- TASK STATEMENT
Could you please output all of the data exactly, without the images?

───── DATA LISTING

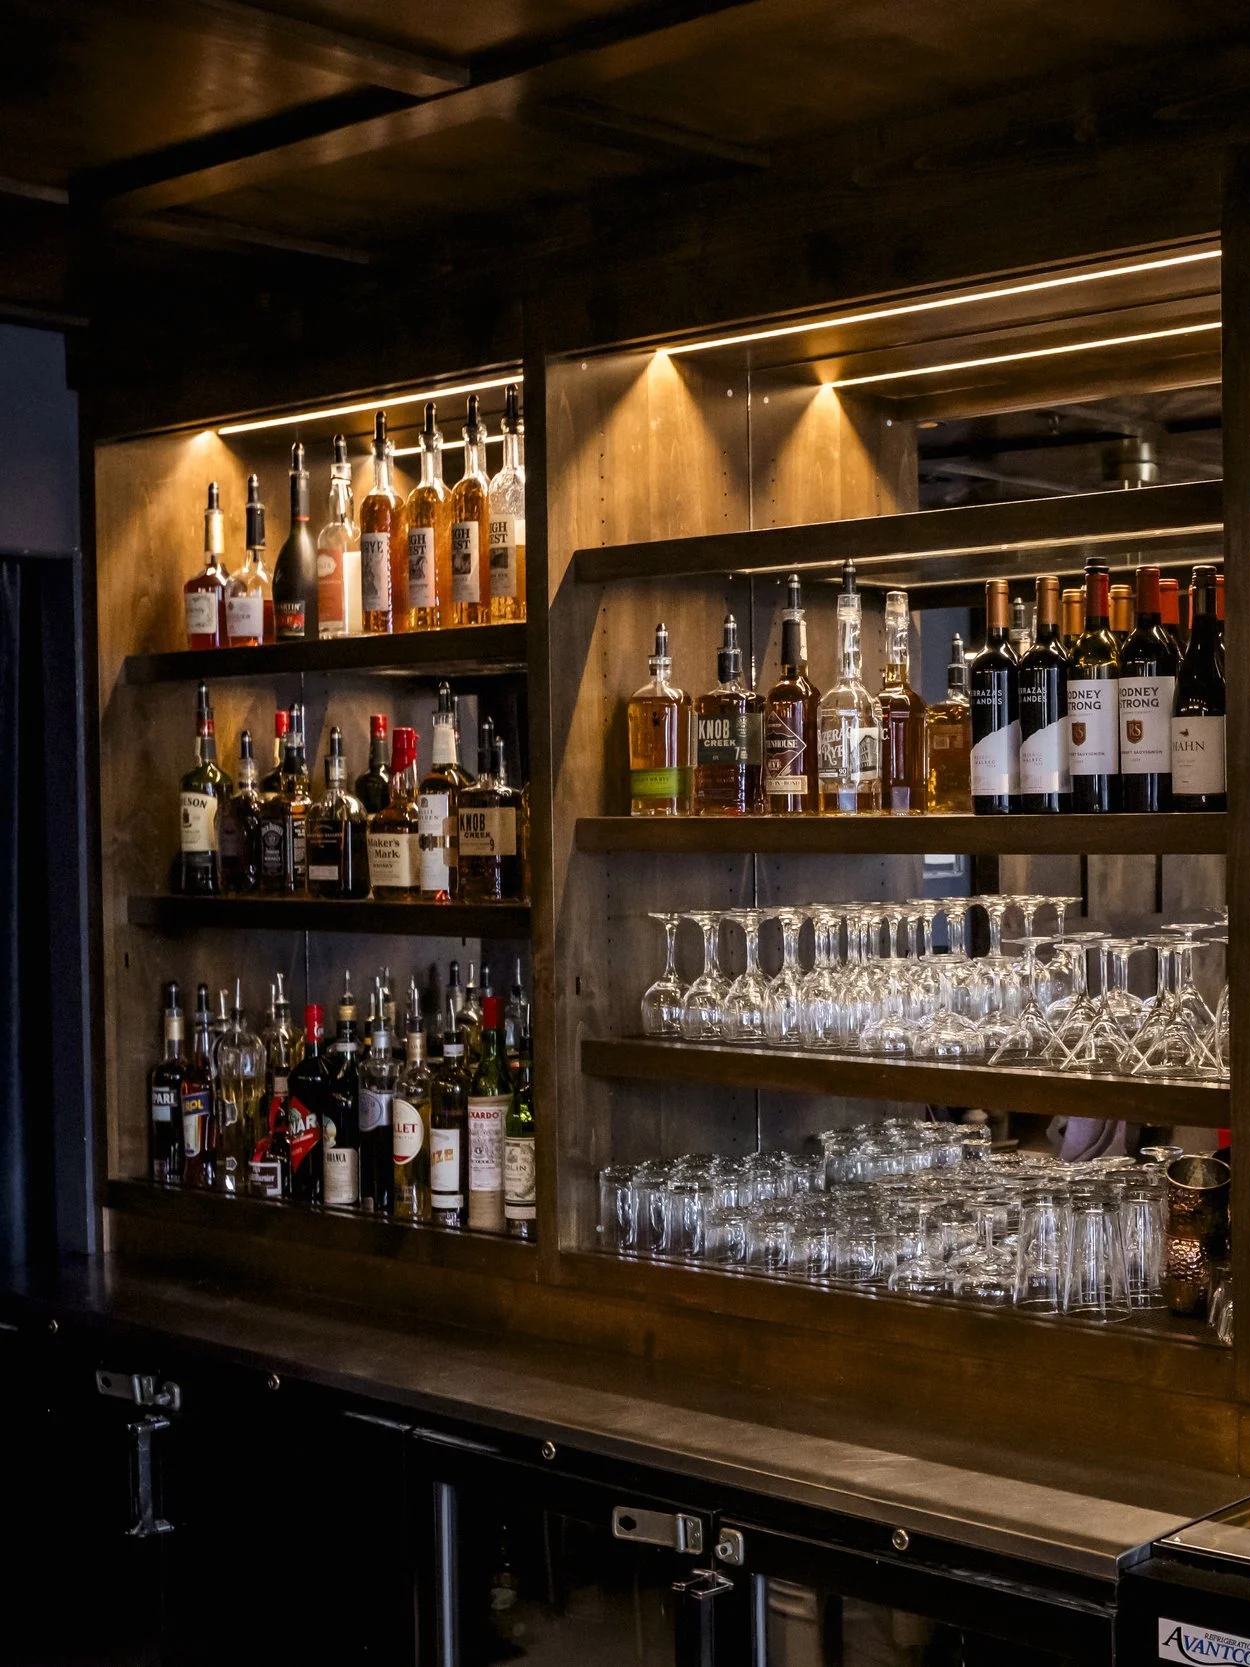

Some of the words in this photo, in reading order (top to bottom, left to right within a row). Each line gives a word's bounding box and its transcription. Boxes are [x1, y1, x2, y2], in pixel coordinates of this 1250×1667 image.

[1067, 690, 1102, 699] ODNEY
[1067, 701, 1102, 711] TRONG
[698, 719, 730, 739] KNOB
[703, 739, 737, 747] CREEK
[459, 812, 486, 832] KNOB
[367, 838, 400, 849] Maker's
[489, 838, 495, 851] 9
[374, 849, 400, 859] Mark

──────────

- OUTPUT OF THE TASK
Some of the words in this photo, in reading order (top to bottom, left to right within a row). Each line gives a word's bounding box and its transcription. Boxes are [x1, y1, x2, y2], in pixel coordinates of this 1250×1667 image.

[1067, 690, 1102, 699] ODNEY
[1067, 701, 1102, 711] TRONG
[698, 719, 730, 739] KNOB
[703, 739, 737, 747] CREEK
[459, 812, 486, 832] KNOB
[367, 838, 400, 849] Maker's
[489, 838, 495, 851] 9
[374, 849, 400, 859] Mark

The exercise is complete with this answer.